Phrase grounding data:
◆ ◆ ◆ ◆

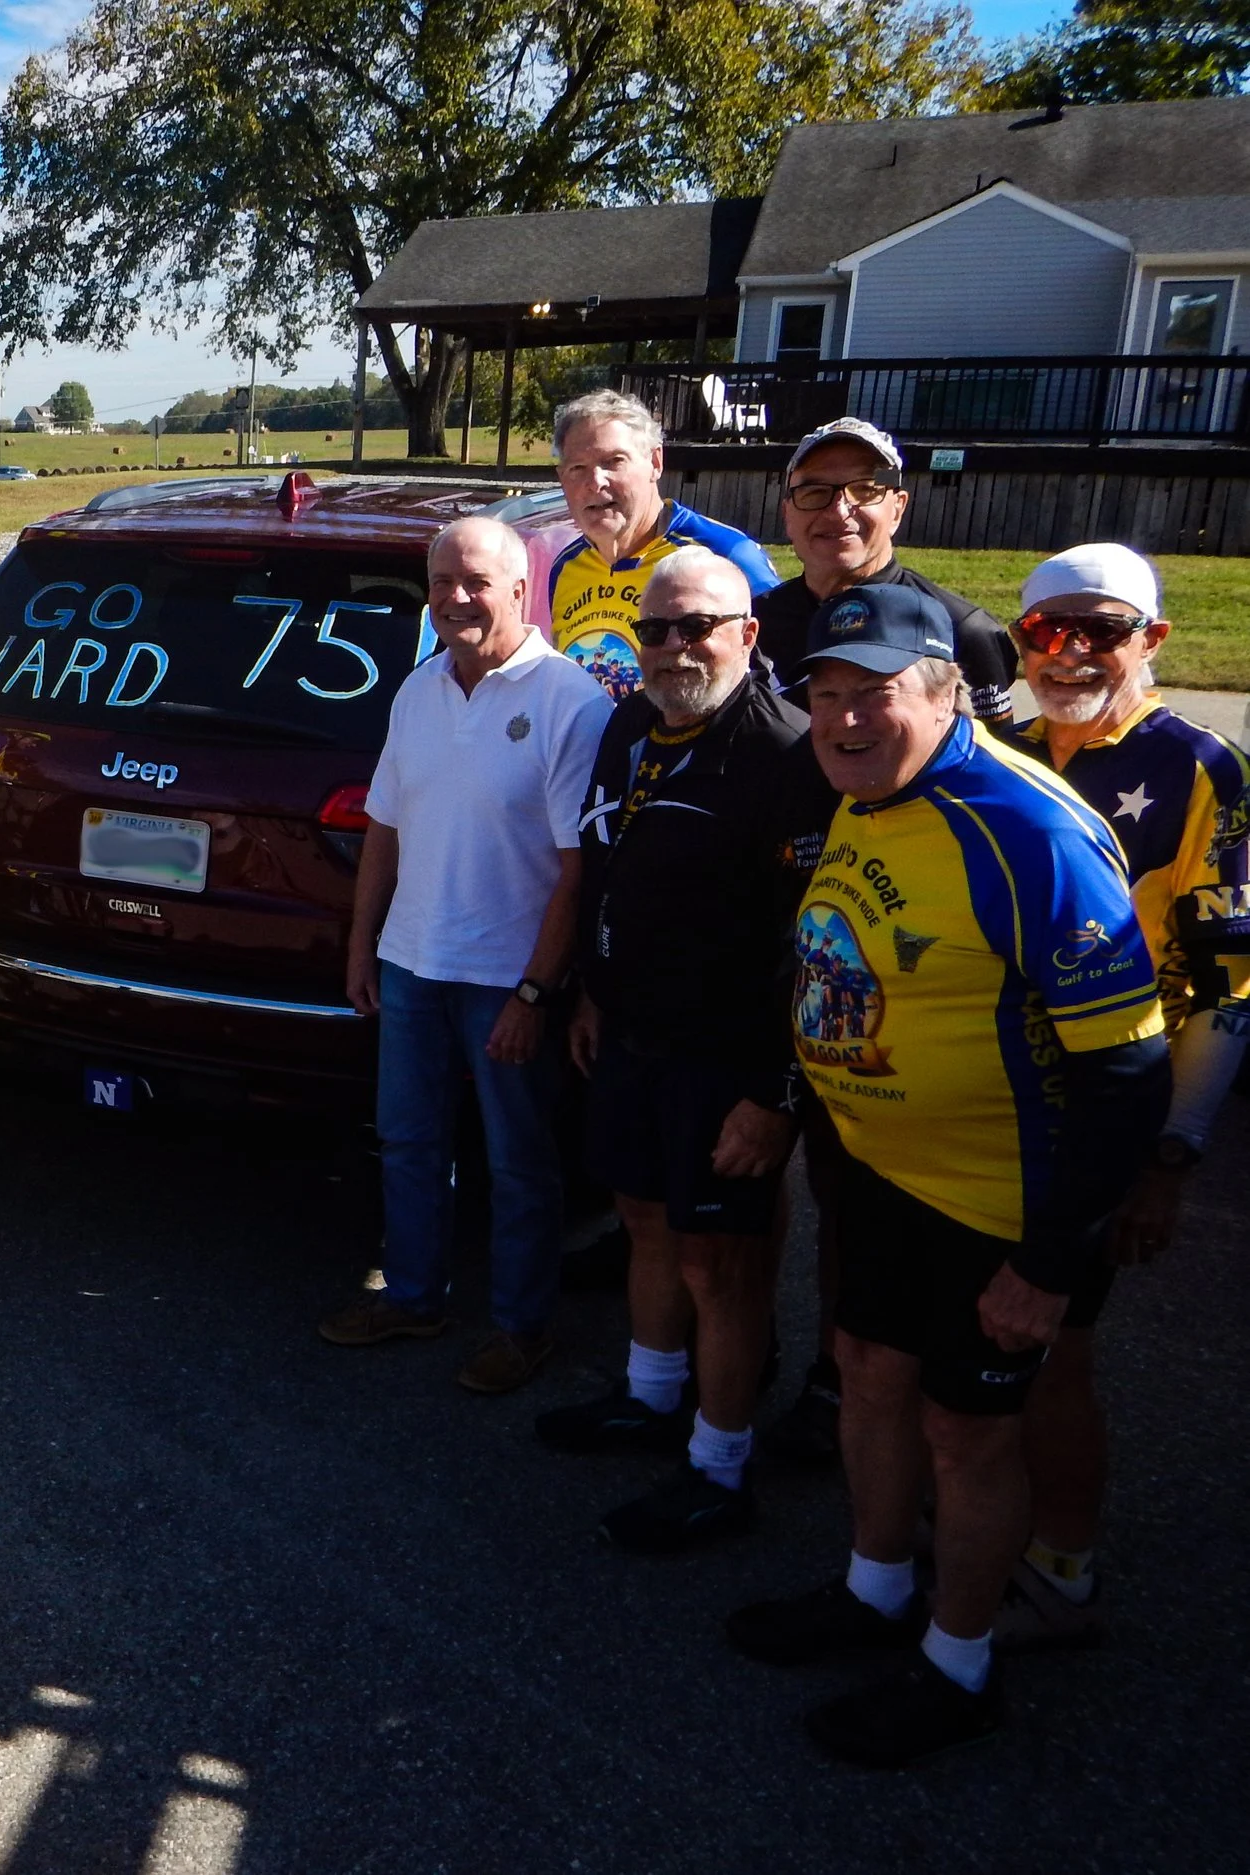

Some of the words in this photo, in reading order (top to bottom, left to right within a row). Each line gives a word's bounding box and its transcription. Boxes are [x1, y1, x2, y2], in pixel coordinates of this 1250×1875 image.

[24, 581, 142, 630] GO
[562, 587, 593, 620] Gulf
[597, 584, 615, 599] to
[620, 585, 642, 607] Go
[565, 610, 601, 633] CHARITY
[601, 610, 625, 621] BIKE
[233, 595, 392, 699] 75
[101, 751, 179, 789] Jeep
[115, 815, 174, 832] VIRGINIA
[862, 858, 907, 916] Goat
[857, 898, 881, 929] RIDE
[601, 923, 610, 958] CURE
[1057, 971, 1083, 987] Gulf
[1089, 969, 1103, 979] to
[1108, 958, 1135, 974] Goat
[817, 1044, 864, 1062] GOAT
[93, 1080, 117, 1107] N
[838, 1079, 907, 1102] ACADEMY
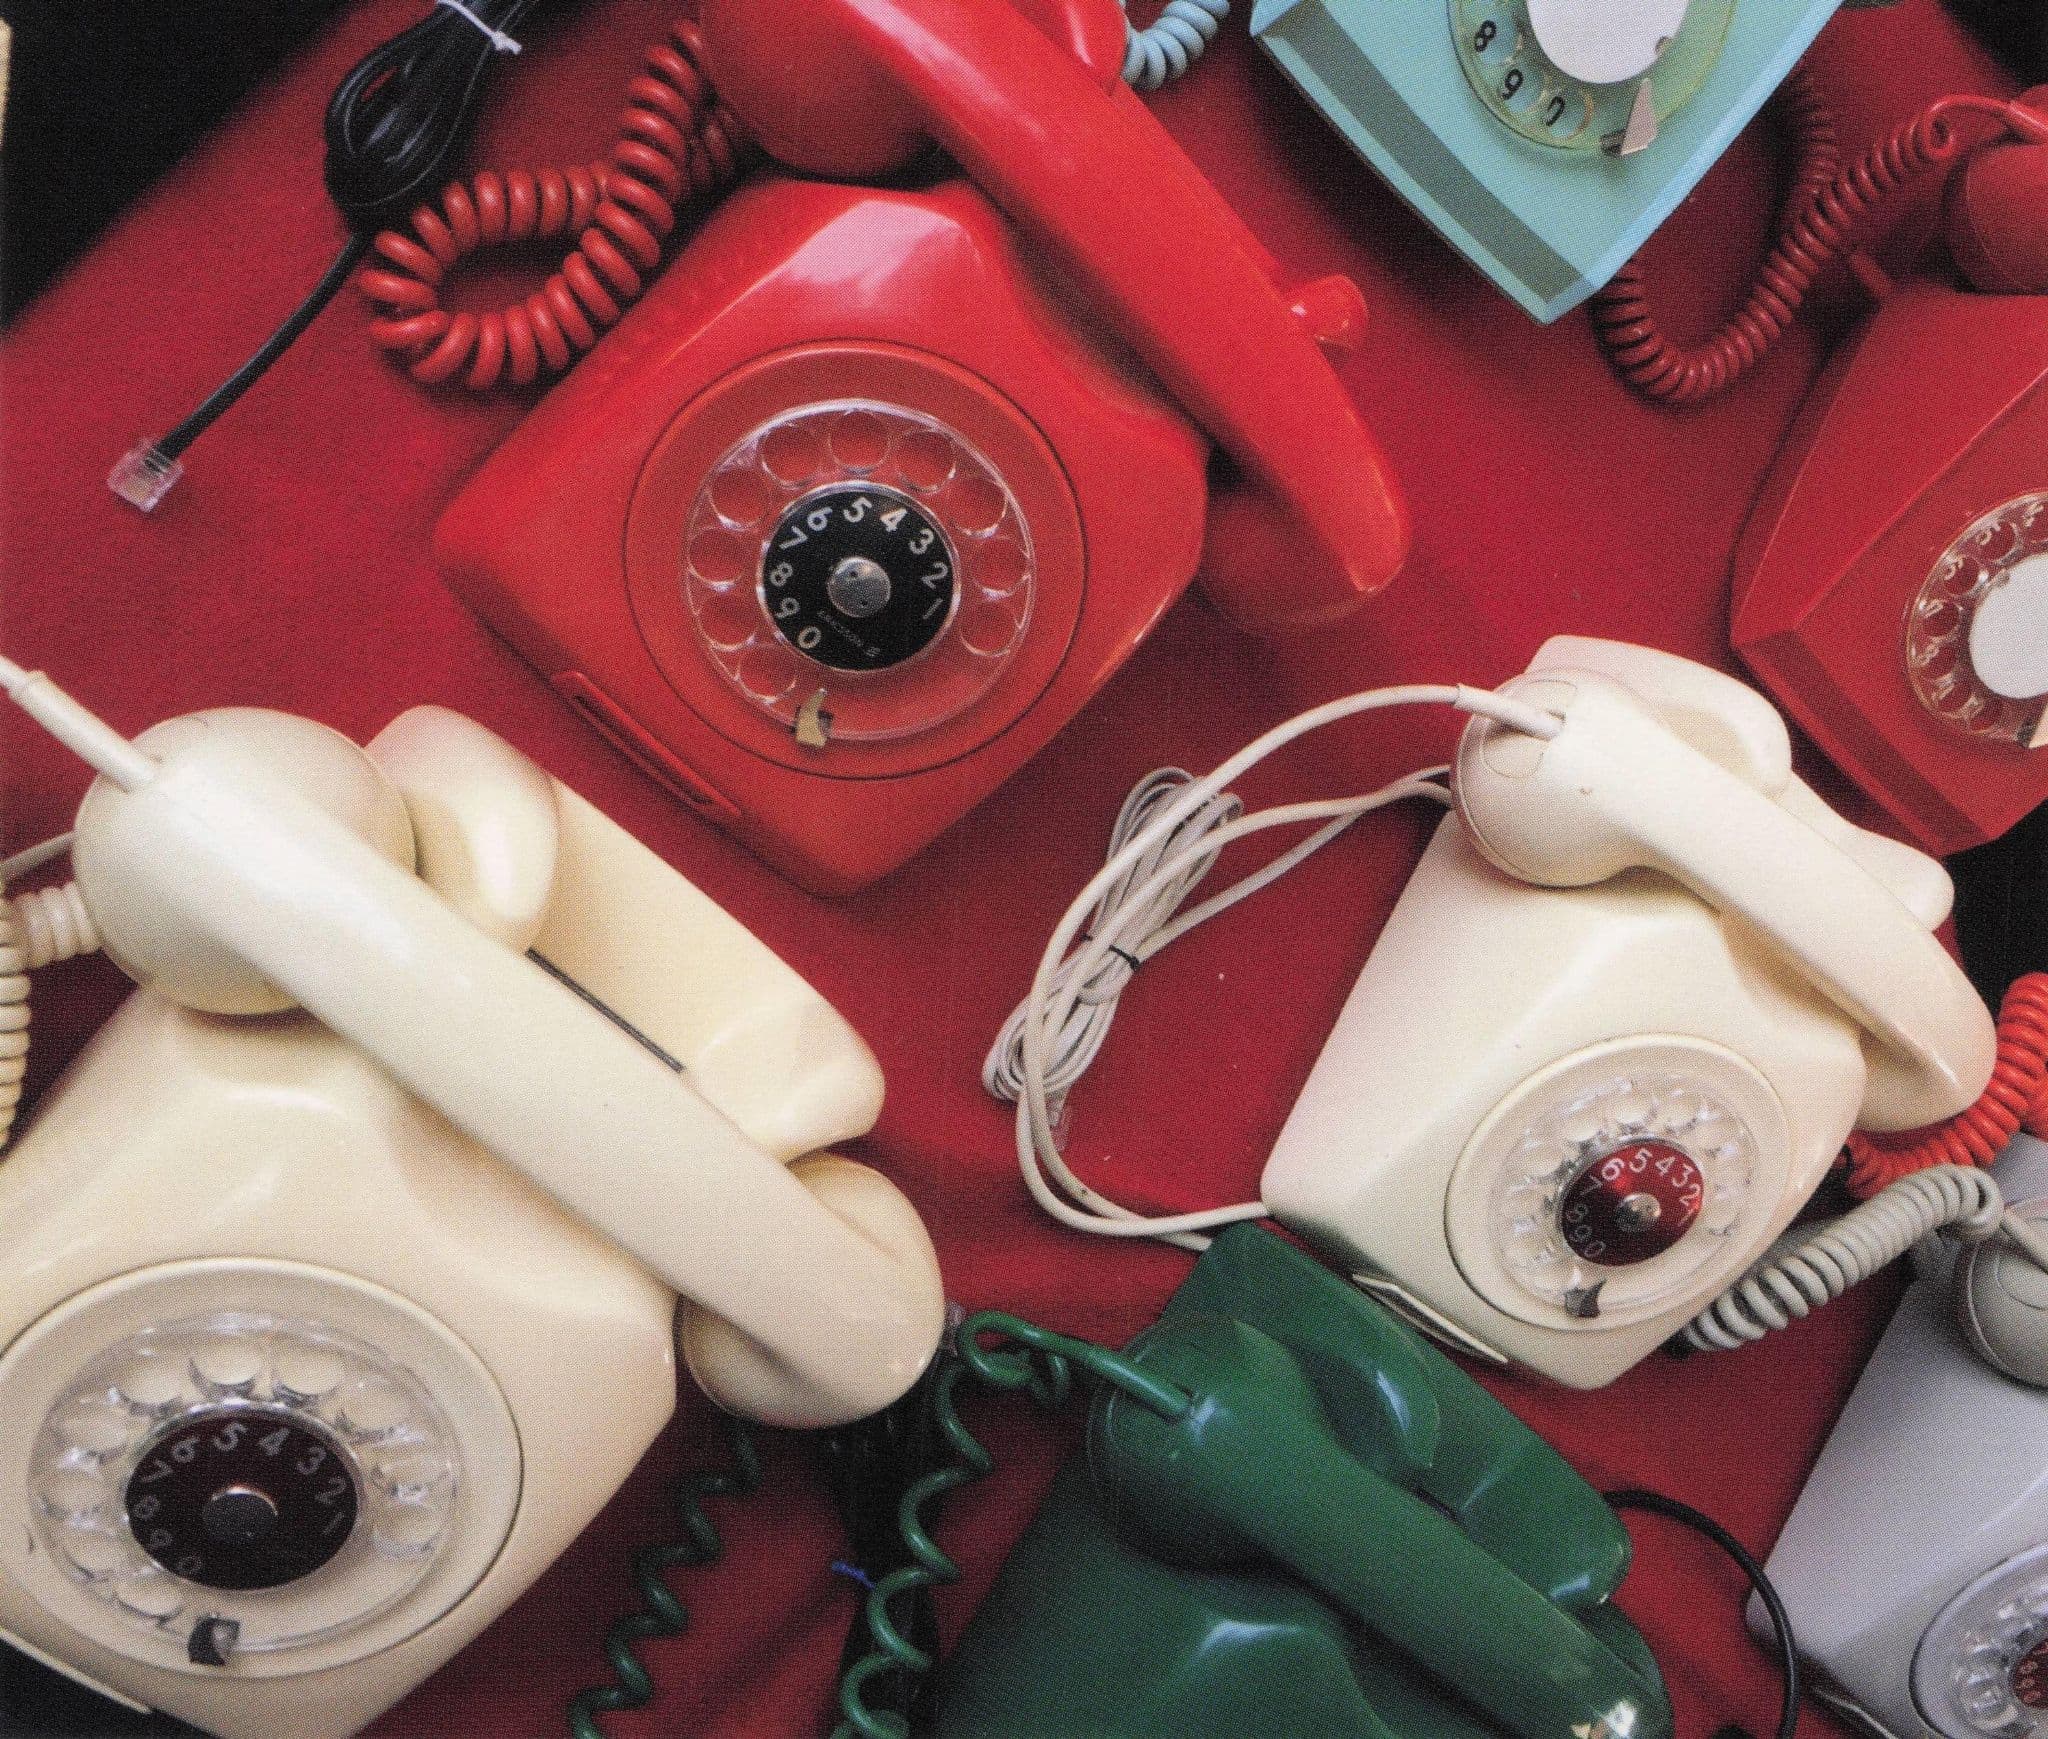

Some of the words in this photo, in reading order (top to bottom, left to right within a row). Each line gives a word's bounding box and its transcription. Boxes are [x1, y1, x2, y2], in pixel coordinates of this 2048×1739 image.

◆ ◆ ◆ ◆

## What the task asks
Word for word, return all the entries and skip their pictures.

## Exercise output
Some of the words in this photo, in reading order (top to bottom, left to right within a row). Each line gives a word's bounding box and its transcription. Boxes are [x1, y1, x2, y2], in pixel coordinates of this 1250×1875 image.

[24, 581, 142, 630] GO
[562, 587, 593, 620] Gulf
[597, 584, 615, 599] to
[620, 585, 642, 607] Go
[565, 610, 601, 633] CHARITY
[601, 610, 625, 621] BIKE
[233, 595, 392, 699] 75
[101, 751, 179, 789] Jeep
[115, 815, 174, 832] VIRGINIA
[862, 858, 907, 916] Goat
[857, 898, 881, 929] RIDE
[601, 923, 610, 958] CURE
[1057, 971, 1083, 987] Gulf
[1089, 969, 1103, 979] to
[1108, 958, 1135, 974] Goat
[817, 1044, 864, 1062] GOAT
[93, 1080, 117, 1107] N
[838, 1079, 907, 1102] ACADEMY

Some of the words in this photo, in reading order (top to bottom, left to right within a row). Each line gives a word's bounding box and its transcription. Boxes are [x1, y1, x2, y2], in pixel coordinates of this 2048×1739 image.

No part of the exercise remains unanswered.